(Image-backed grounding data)

:::

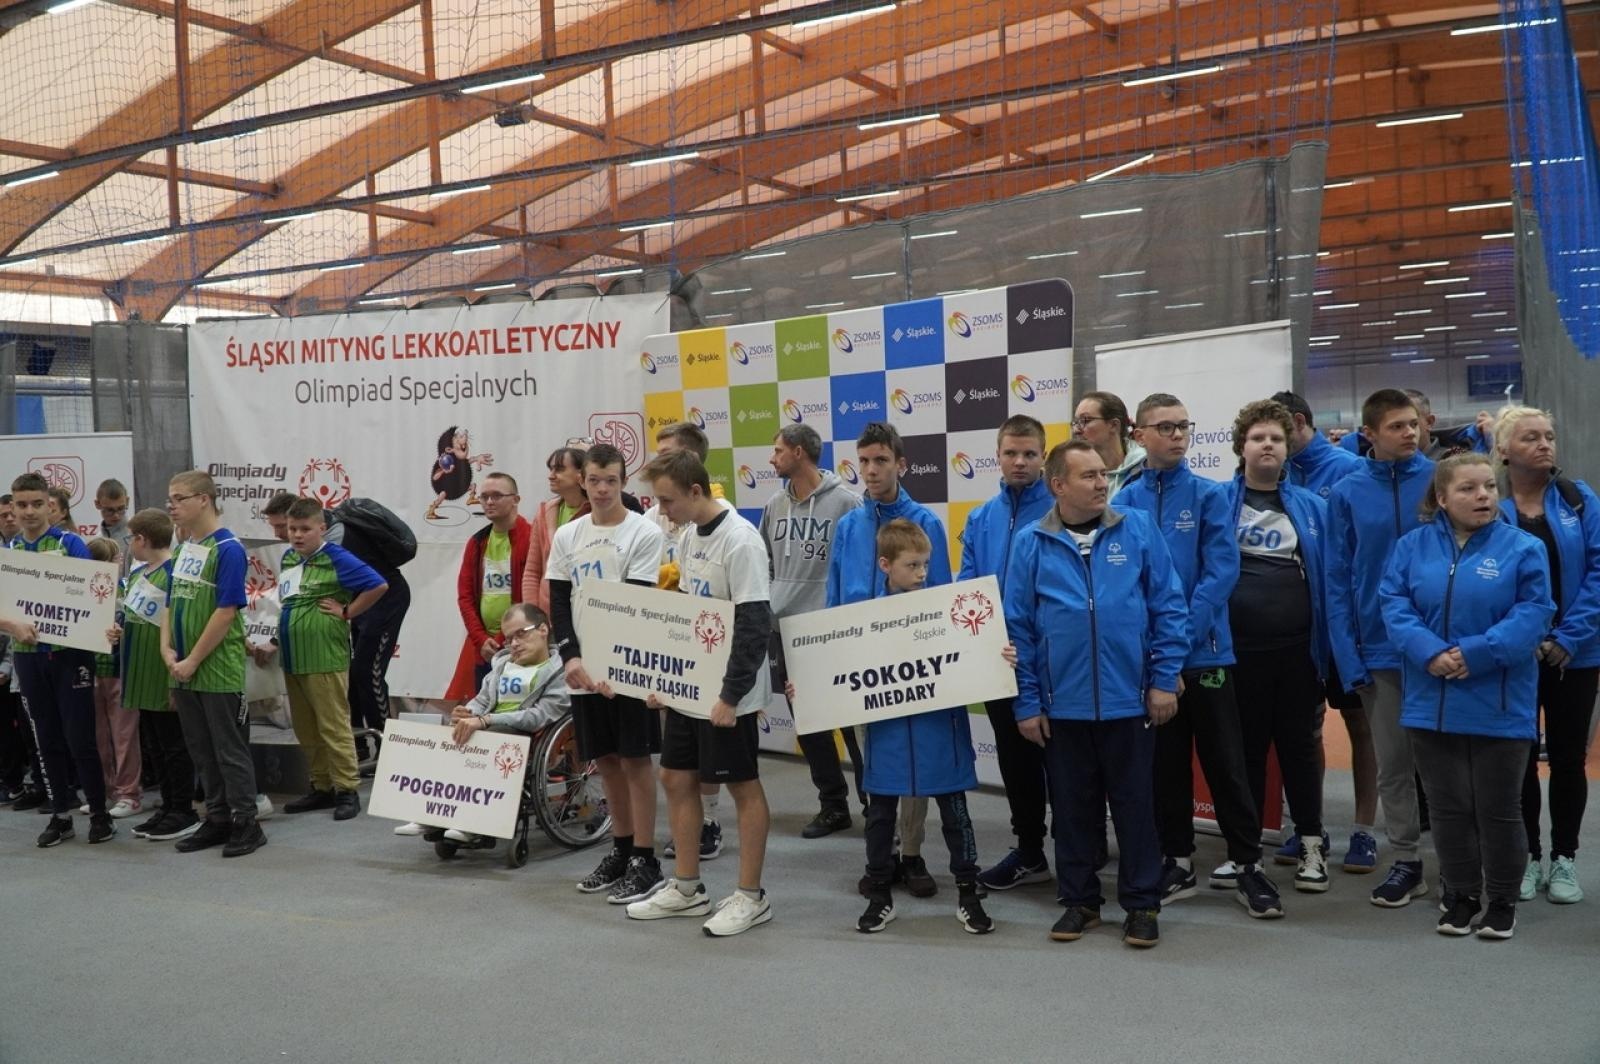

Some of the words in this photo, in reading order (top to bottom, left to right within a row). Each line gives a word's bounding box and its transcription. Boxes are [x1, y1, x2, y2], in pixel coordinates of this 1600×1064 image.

[972, 312, 1004, 326] ZSOMS
[853, 328, 881, 343] ZSOMS
[226, 336, 295, 373] ŚLĄSKI
[302, 335, 385, 364] MITYNG
[392, 320, 621, 360] LEKKOATLETYCZNY
[748, 344, 774, 356] ZSOMS
[295, 375, 392, 408] Olimpiad
[399, 369, 537, 405] Specjalnych
[1035, 378, 1069, 391] ZSOMS
[913, 391, 942, 404] ZSOMS
[802, 402, 828, 414] ZSOMS
[208, 463, 287, 481] Olimpiady
[974, 457, 1000, 469] ZSOM
[774, 517, 831, 543] DNM
[1, 564, 41, 579] Olimpiady
[44, 571, 86, 584] Specjalne
[181, 557, 203, 576] 123
[572, 560, 603, 587] 171
[132, 592, 158, 617] 119
[587, 598, 637, 617] Olimpiady
[640, 608, 692, 626] Specjalne
[791, 626, 863, 648] Olimpiady
[870, 610, 943, 632] Specjalne
[913, 626, 946, 641] Śląskie
[608, 666, 653, 689] PIEKARY
[656, 674, 700, 700] ŚLĄSKIE
[864, 682, 936, 710] MIEDARY
[388, 733, 437, 749] Olimpiady
[425, 801, 458, 818] WYRY
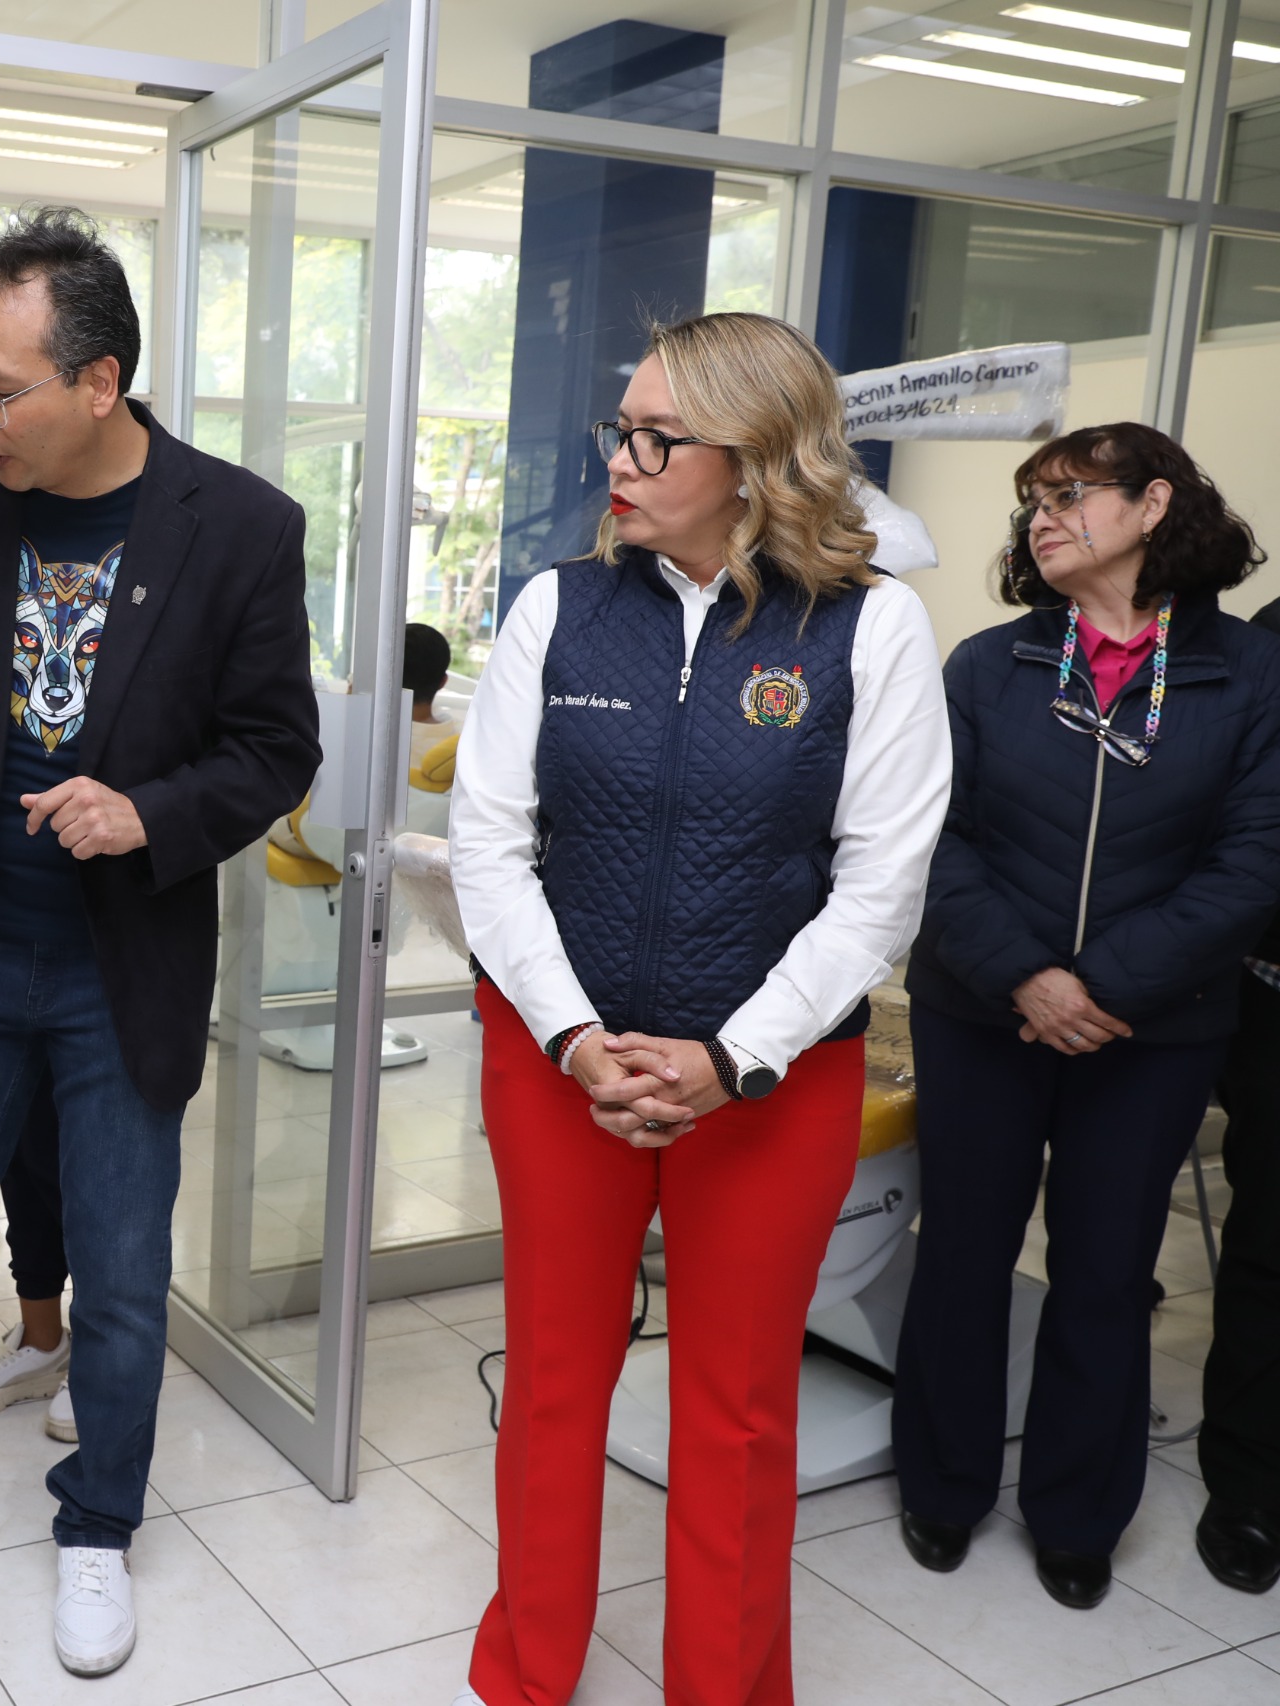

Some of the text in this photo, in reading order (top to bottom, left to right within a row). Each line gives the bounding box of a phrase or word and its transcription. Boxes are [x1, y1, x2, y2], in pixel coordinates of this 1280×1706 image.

[549, 695, 563, 706] Dra.
[565, 694, 589, 706] Yarabí
[588, 693, 608, 708] Ávila
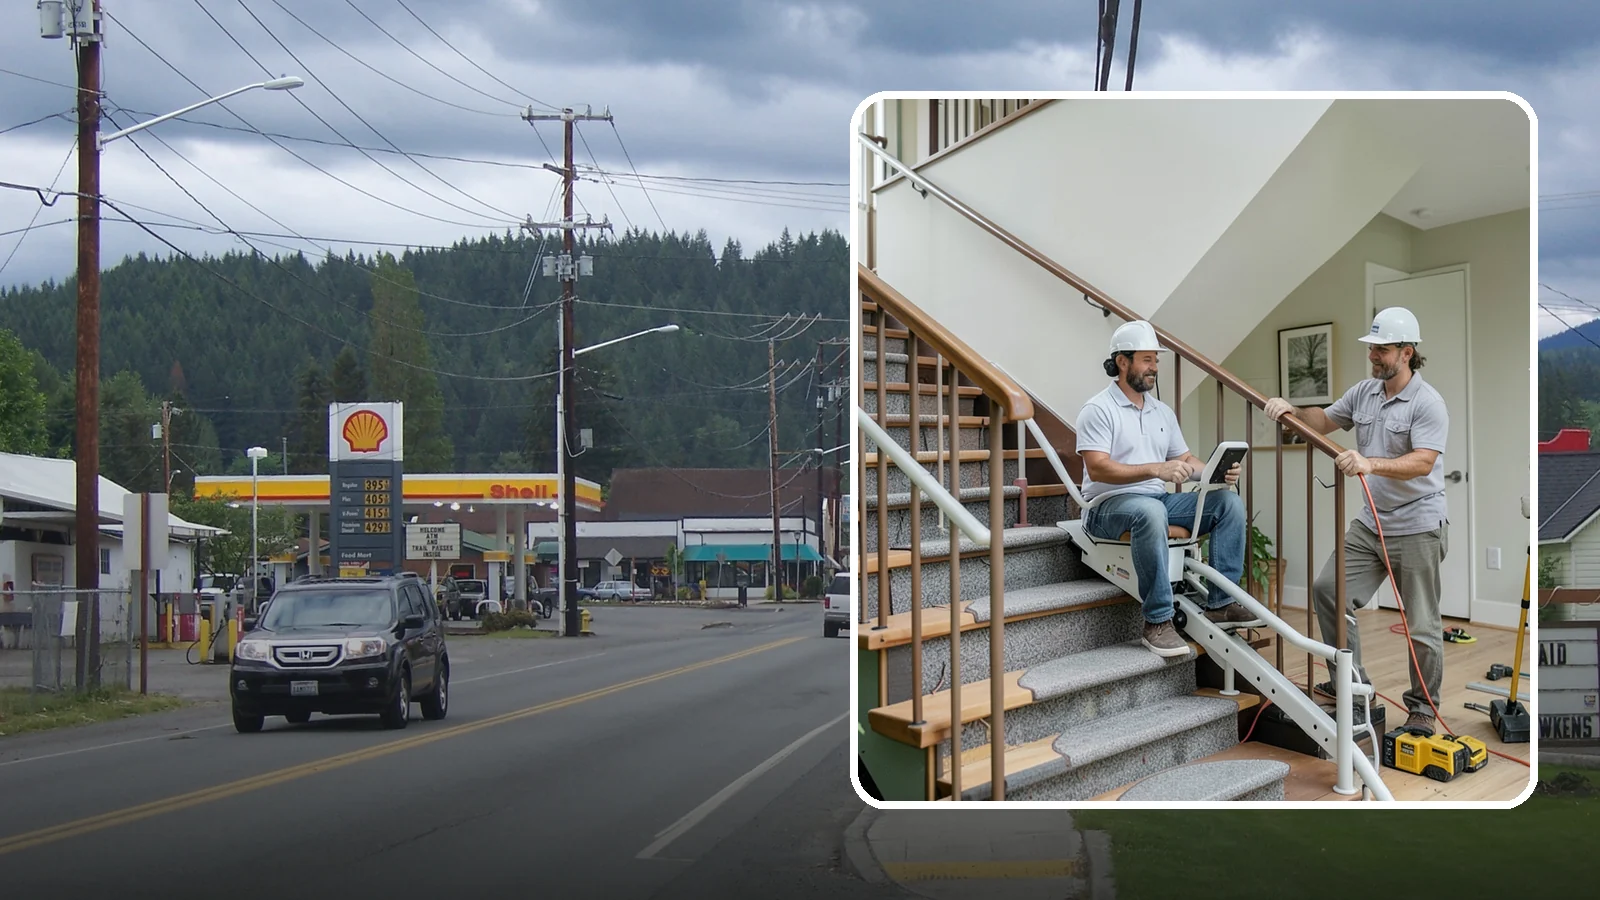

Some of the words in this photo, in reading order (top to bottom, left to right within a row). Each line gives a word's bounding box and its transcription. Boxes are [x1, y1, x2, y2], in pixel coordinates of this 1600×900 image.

:::

[TASK PROMPT] Each entry should be set down exactly, pictures excluded.

[REPLY]
Some of the words in this photo, in reading order (top to bottom, left to right within a row). Each line gives a word's bounding box and its transcription. Boxes are [x1, y1, x2, y2], in pixel coordinates of this 1600×1064 image.

[972, 312, 1004, 326] ZSOMS
[853, 328, 881, 343] ZSOMS
[226, 336, 295, 373] ŚLĄSKI
[302, 335, 385, 364] MITYNG
[392, 320, 621, 360] LEKKOATLETYCZNY
[748, 344, 774, 356] ZSOMS
[295, 375, 392, 408] Olimpiad
[399, 369, 537, 405] Specjalnych
[1035, 378, 1069, 391] ZSOMS
[913, 391, 942, 404] ZSOMS
[802, 402, 828, 414] ZSOMS
[208, 463, 287, 481] Olimpiady
[974, 457, 1000, 469] ZSOM
[774, 517, 831, 543] DNM
[1, 564, 41, 579] Olimpiady
[44, 571, 86, 584] Specjalne
[181, 557, 203, 576] 123
[572, 560, 603, 587] 171
[132, 592, 158, 617] 119
[587, 598, 637, 617] Olimpiady
[640, 608, 692, 626] Specjalne
[791, 626, 863, 648] Olimpiady
[870, 610, 943, 632] Specjalne
[913, 626, 946, 641] Śląskie
[608, 666, 653, 689] PIEKARY
[656, 674, 700, 700] ŚLĄSKIE
[864, 682, 936, 710] MIEDARY
[388, 733, 437, 749] Olimpiady
[425, 801, 458, 818] WYRY

Some of the text in this photo, in reading order (top to bottom, left to right within a row). Each line gives the bounding box of a phrase or word and its transcription. Boxes are [x1, y1, x2, y2], in pixel coordinates of this 1280×1706 image.

[549, 695, 563, 706] Dra.
[565, 694, 589, 706] Yarabí
[588, 693, 608, 708] Ávila

Some of the words in this photo, in reading order (top to bottom, left to right within a row). Each line gives a word's bounding box and its transcription. Boxes are [x1, y1, x2, y2], in pixel coordinates of this 1600×900 image.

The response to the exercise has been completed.